À partir du 1er janvier 2027, l’enregistrement du temps de travail deviendra obligatoire pour la quasi-totalité des employeurs en Belgique. Cette mesure s’appliquera aux entreprises belges, publiques comme privées, quelle que soit leur taille ou leur secteur.
Concrètement, chaque employeur devra mettre en place un système d’enregistrement du temps de travail objectif, fiable et accessible. L’objectif est de pouvoir suivre les heures prestées par les collaborateurs, vérifier le respect des horaires de travail, mieux encadrer les heures supplémentaires et conserver une base claire en cas de contrôle.

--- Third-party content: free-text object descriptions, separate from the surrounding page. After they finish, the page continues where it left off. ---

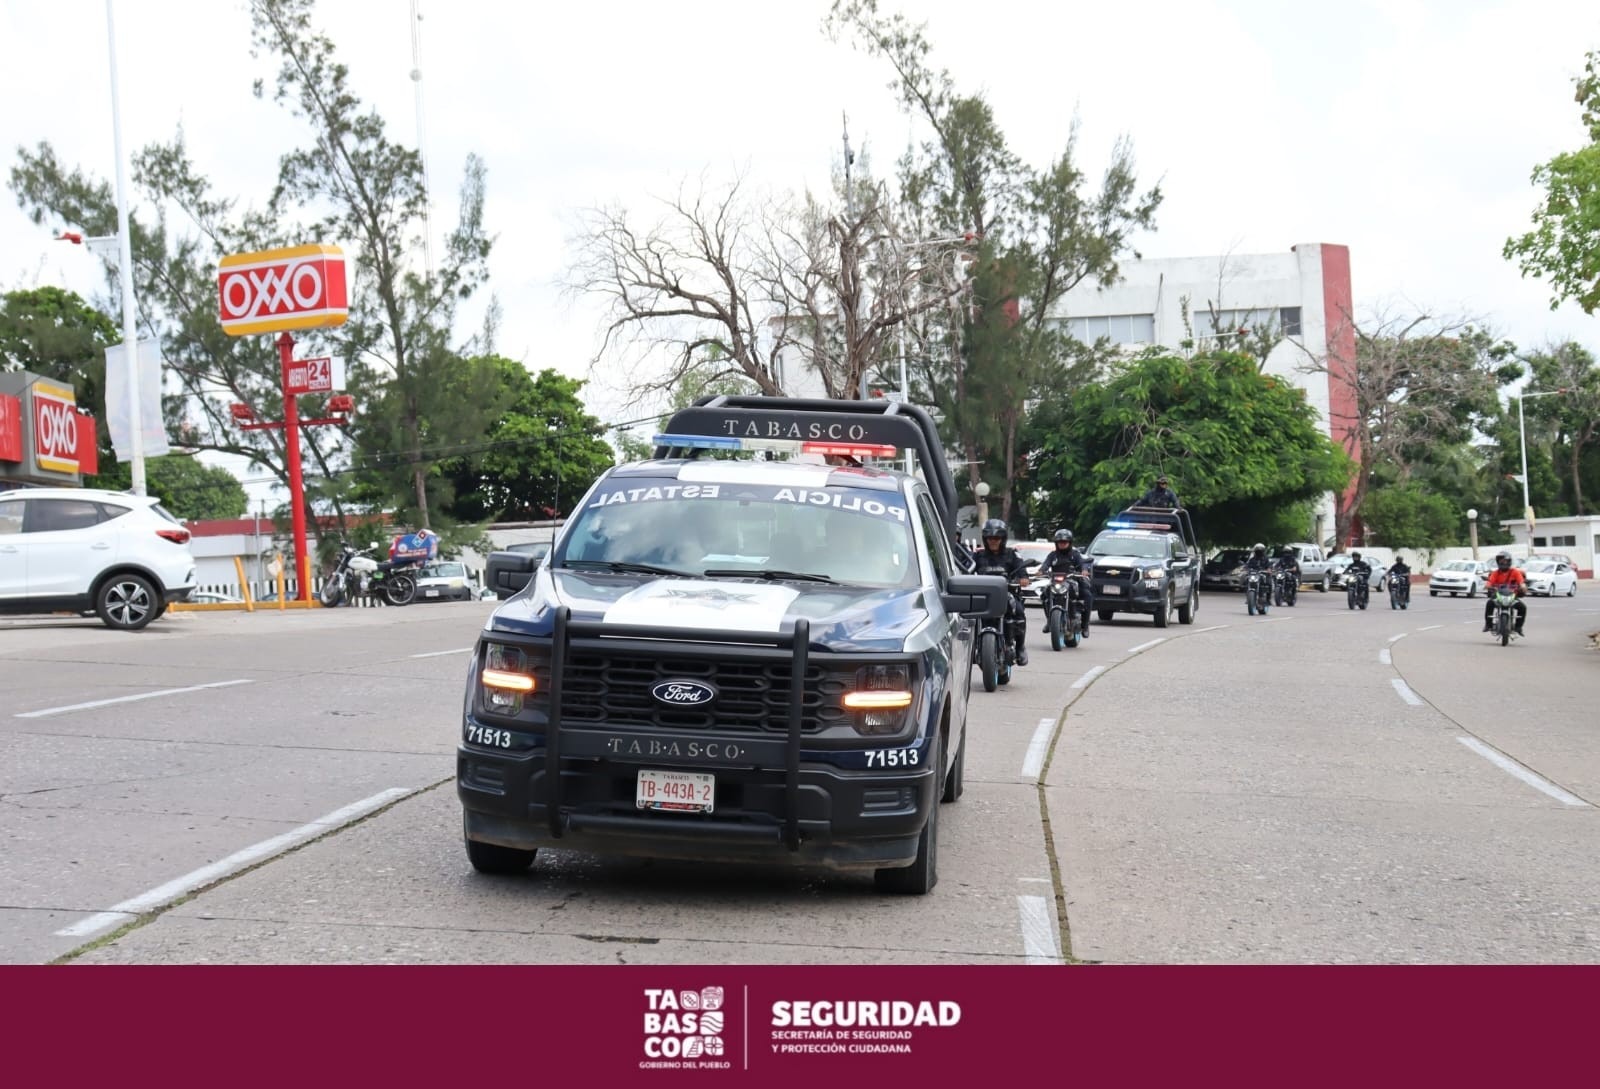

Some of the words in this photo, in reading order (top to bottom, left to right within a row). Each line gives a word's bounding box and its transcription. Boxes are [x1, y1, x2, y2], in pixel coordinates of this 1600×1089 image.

[223, 264, 322, 317] OXXO
[309, 361, 329, 381] 24
[40, 403, 77, 456] OXXO
[664, 685, 702, 702] Ford
[468, 725, 511, 748] 71513
[864, 749, 919, 767] 71513
[640, 780, 711, 801] TB-443A-2

Cette obligation générale ne signifie pas forcément le retour de la pointeuse physique à l’entrée du bâtiment. Les entreprises pourront s’appuyer sur différents dispositifs : logiciel de gestion du personnel, solution numérique, badge, application, plateforme de suivi du temps, feuilles de prestations structurées ou dispositif déjà en place, à condition qu’il permette d’enregistrer les prestations de manière suffisamment claire.

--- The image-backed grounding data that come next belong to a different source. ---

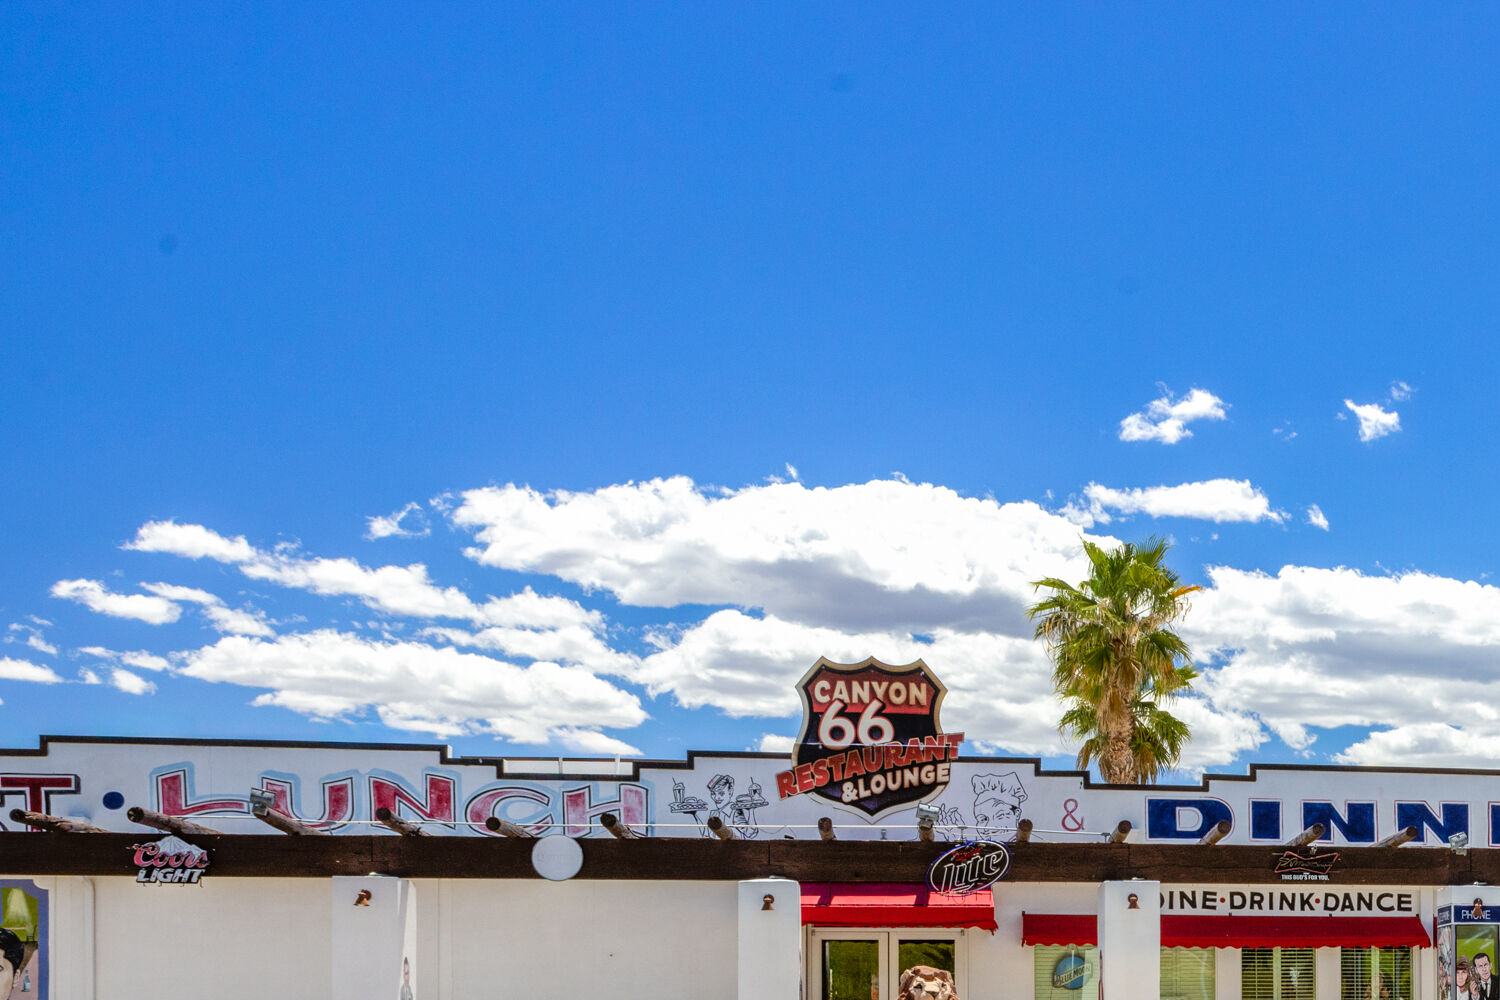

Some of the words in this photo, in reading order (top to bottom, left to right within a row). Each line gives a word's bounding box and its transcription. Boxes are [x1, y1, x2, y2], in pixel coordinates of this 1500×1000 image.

[814, 680, 927, 706] CANYON
[818, 698, 895, 750] 66
[776, 732, 965, 801] RESTAURANT
[0, 772, 81, 833] T
[152, 766, 652, 836] LUNCH
[1061, 798, 1085, 832] &
[133, 841, 210, 867] Coors
[136, 868, 207, 884] LIGHT
[1160, 891, 1217, 910] INE
[1461, 909, 1491, 920] PHNE

Pour les employeurs, la vraie question n’est donc pas seulement juridique. Elle est aussi organisationnelle : quel dispositif choisir ? Comment l’intégrer dans les processus internes ? Faut-il adapter le règlement de travail ? Comment éviter d’alourdir l’administratif pour les équipes ?
Voici les points essentiels à connaître pour anticiper cette réforme timesheet 2027.
Pourquoi cette obligation d’enregistrement du temps de travail ?
La réforme s’inscrit dans un cadre européen plus large. La directive européenne sur le temps de travail impose notamment des règles relatives aux durées maximales de travail, aux temps de repos, aux pauses et au travail de nuit.
Pour garantir ces droits, la jurisprudence européenne insiste sur la nécessité de mettre en place un dispositif objectif et vérifiable permettant de mesurer le temps de travail des travailleurs. Sans enregistrement clair, il devient difficile de prouver les temps prestés, de contrôler les limites légales ou de vérifier le paiement correct des heures supplémentaires.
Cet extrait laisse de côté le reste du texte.